Sound impedance: The enemy of perfect handpan tuning

Handpan-Klangimpedanz-Tuning-Verbessern

Every handpan player knows it: notes that just don't want to sound right. They sound muffled, stifled or dissonant. This is due to sound impedance, a phenomenon that can negatively affect the beautiful sound of your instrument.

  • Quiet sound: Affected tones sound significantly quieter.
  • Muffled sound: The sound is muffled and not very transparent.
  • Dissonances: Unpleasant dissonances occur in some places.

What is sound impedance?

Put simply, sound impedance is the difficulty with which sound waves travel through a medium.
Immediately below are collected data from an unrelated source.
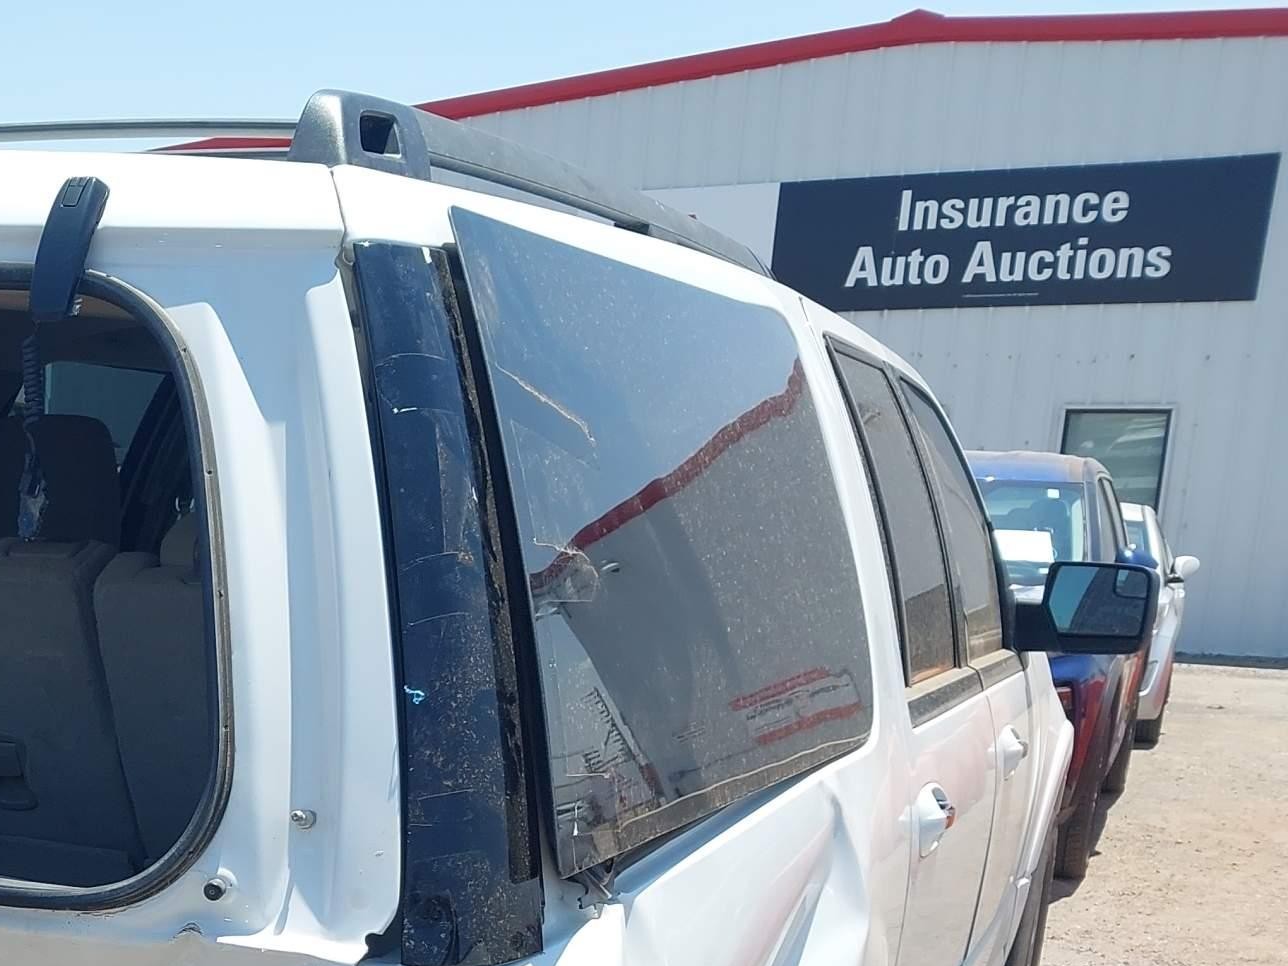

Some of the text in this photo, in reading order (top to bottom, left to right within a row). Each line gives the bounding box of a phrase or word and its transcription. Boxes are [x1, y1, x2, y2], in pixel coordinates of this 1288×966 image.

[897, 189, 1131, 231] Insurance
[844, 237, 1173, 288] Auto Auctions
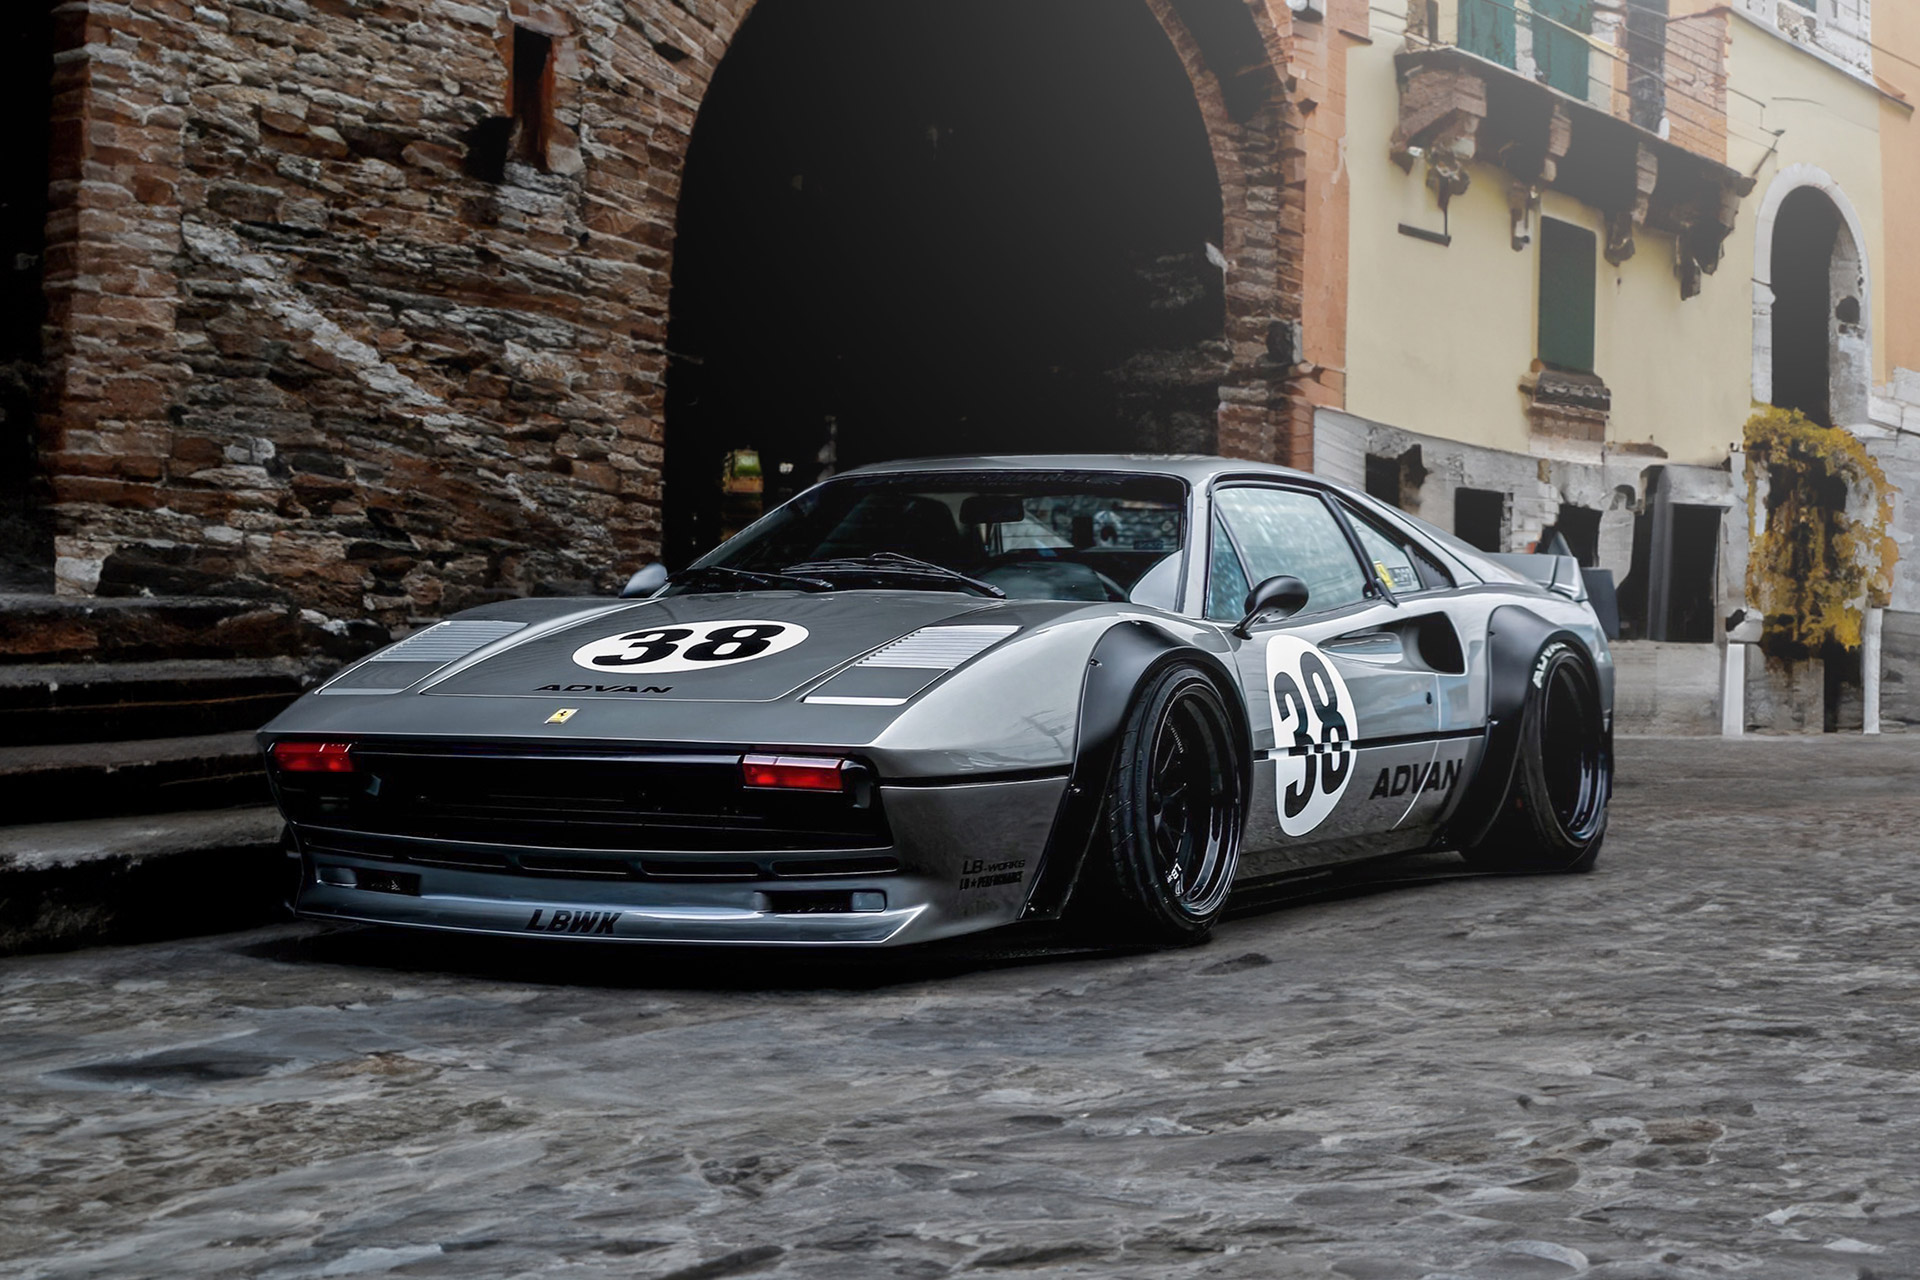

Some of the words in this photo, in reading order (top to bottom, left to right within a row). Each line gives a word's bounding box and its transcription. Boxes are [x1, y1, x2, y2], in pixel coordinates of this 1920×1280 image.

[592, 624, 786, 666] 38
[533, 684, 674, 694] ADVAN
[1274, 651, 1350, 819] 38
[1369, 759, 1463, 800] ADVAN
[524, 909, 622, 935] LBWK
In the case of the Handpan, this medium is the air-filled bowl of the instrument.

The diameter and depth of the bowl influence the sound impedance. Certain pitches can suffer if the sound waves of these tones cannot vibrate cleanly through the bowl. Instead of sounding clear and defined, interference occurs.
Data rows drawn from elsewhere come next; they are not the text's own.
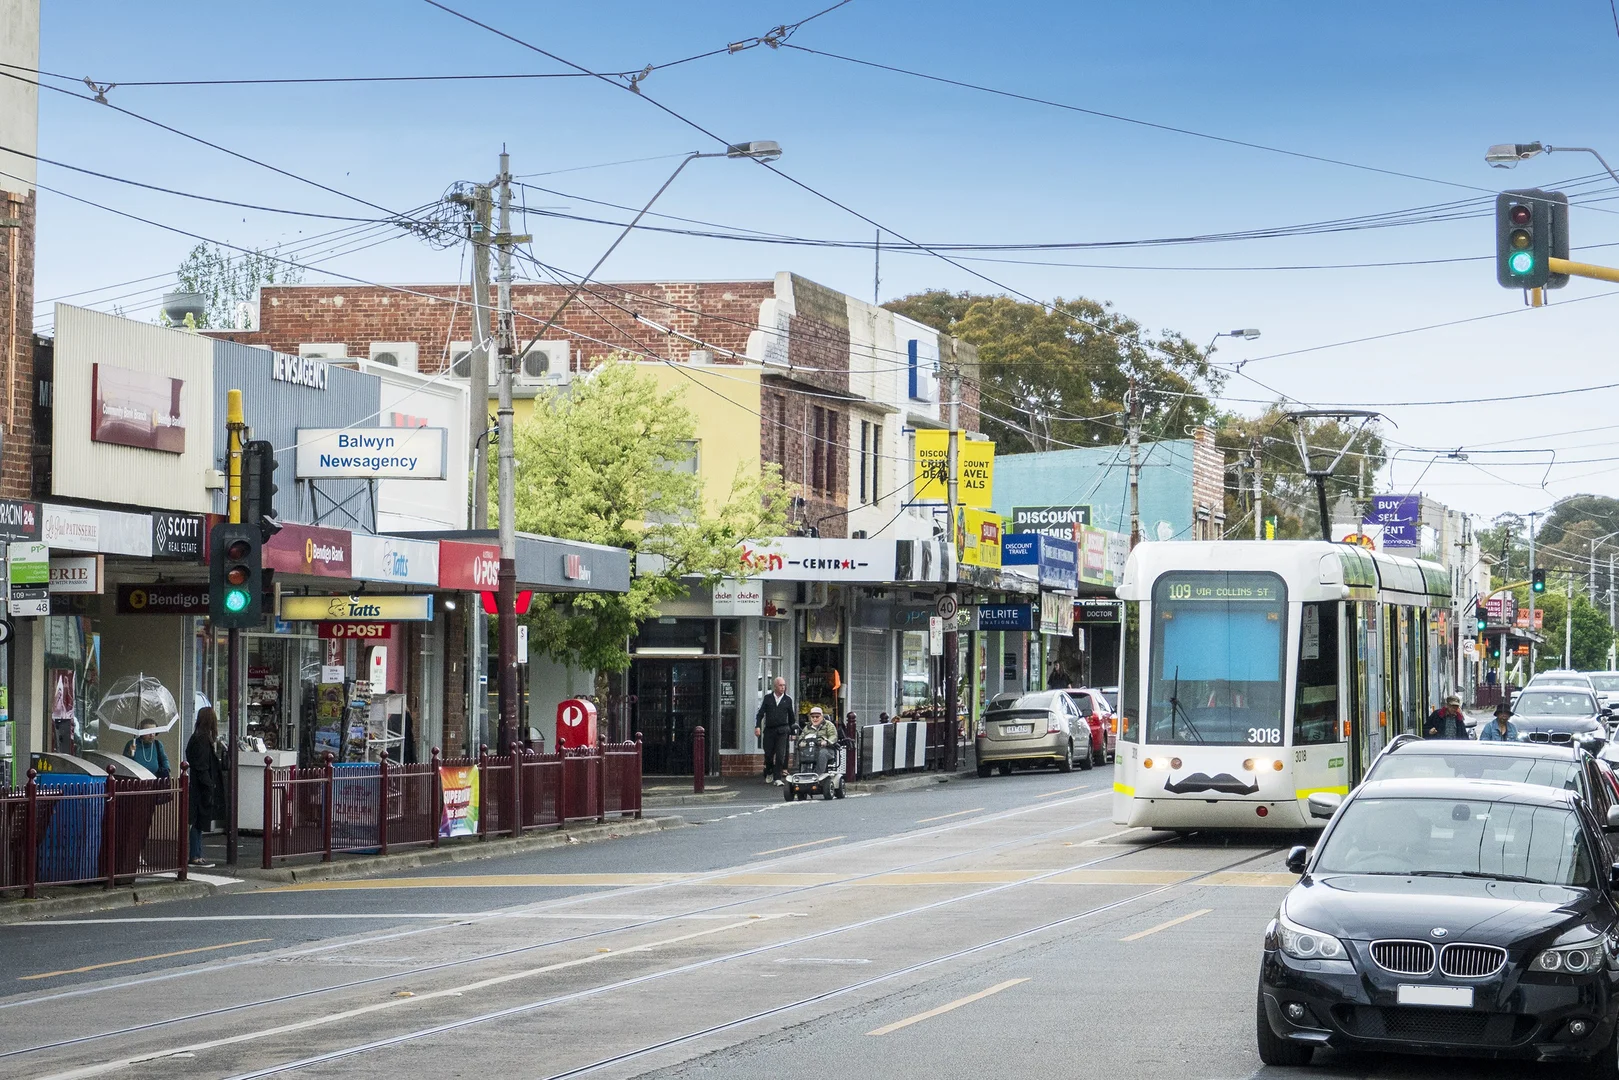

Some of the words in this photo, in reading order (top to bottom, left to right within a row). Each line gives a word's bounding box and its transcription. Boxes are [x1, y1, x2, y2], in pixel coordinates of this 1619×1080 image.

[273, 352, 329, 390] NEWSAGENCY
[338, 434, 394, 451] Balwyn
[320, 454, 417, 471] Newsagency
[964, 480, 985, 489] ALS
[1378, 501, 1400, 510] BUY
[1018, 510, 1085, 524] DISCOUNT
[1378, 513, 1400, 522] SELL
[66, 522, 97, 537] PATISSERIE
[168, 516, 198, 537] SCOTT
[1383, 526, 1405, 534] ENT
[168, 542, 180, 552] REAL
[181, 542, 197, 553] ESTATE
[312, 543, 332, 564] Bendigo
[332, 546, 344, 562] Bank
[392, 552, 408, 577] Tatts
[714, 592, 732, 600] chicken
[737, 592, 760, 600] chicken
[1169, 584, 1191, 599] 109
[1196, 588, 1212, 596] VIA
[1216, 588, 1252, 596] COLLINS
[1257, 588, 1269, 596] ST
[149, 594, 198, 608] Bendigo
[36, 604, 48, 612] 48
[348, 604, 381, 616] Tatts
[940, 602, 953, 614] 40
[979, 610, 1018, 619] VELRITE
[347, 624, 385, 636] POST
[1247, 728, 1281, 744] 3018
[1295, 750, 1307, 763] 3018
This interference occurs when the sound waves "cancel each other out". Wave peaks and troughs overlap unfavorably, so that the actual sound becomes weaker or sounds completely dead. Technical terms for this phenomenon are phase shift, wave interference or phase cancellation.

Which sounds are most affected?

To summarize, the secondary areas of sound degradation in handpans are less severe than the primary areas, but should still be considered.

  • Primary areas:
    • 19 inch (48.26 cm): C5 and B4
    • 20 inch (50.8 cm): B4 and Bb4
    • 21 inch (53.34 cm): Bb4 and A4
  • Secondary ranges:
    • 19 inches (48.26 cm): G#5, sometimes A#5, C#6 and D#6
    • 20 inches (50.8 cm): G5, sometimes A5, C6 and D6
    • 21 inches (53.34 cm): F#5, sometimes G#5, B5 and C#6

What can be done about sound impedance?

Subsequent optimization

While intervention in the construction of existing instruments is generally not advisable, there are possibilities for subsequent optimization:

  • Damping elements: our approach uses small damping elements made of closed cell foam. Similar to acoustic foam panels in recording studios, these specifically placed "baffles" are intended to interrupt the problematic sound waves inside the handpan without dampening the overall sound. The positioning of these elements requires some experience and precision work, as even experienced players can sometimes spend an hour finding the optimum placement.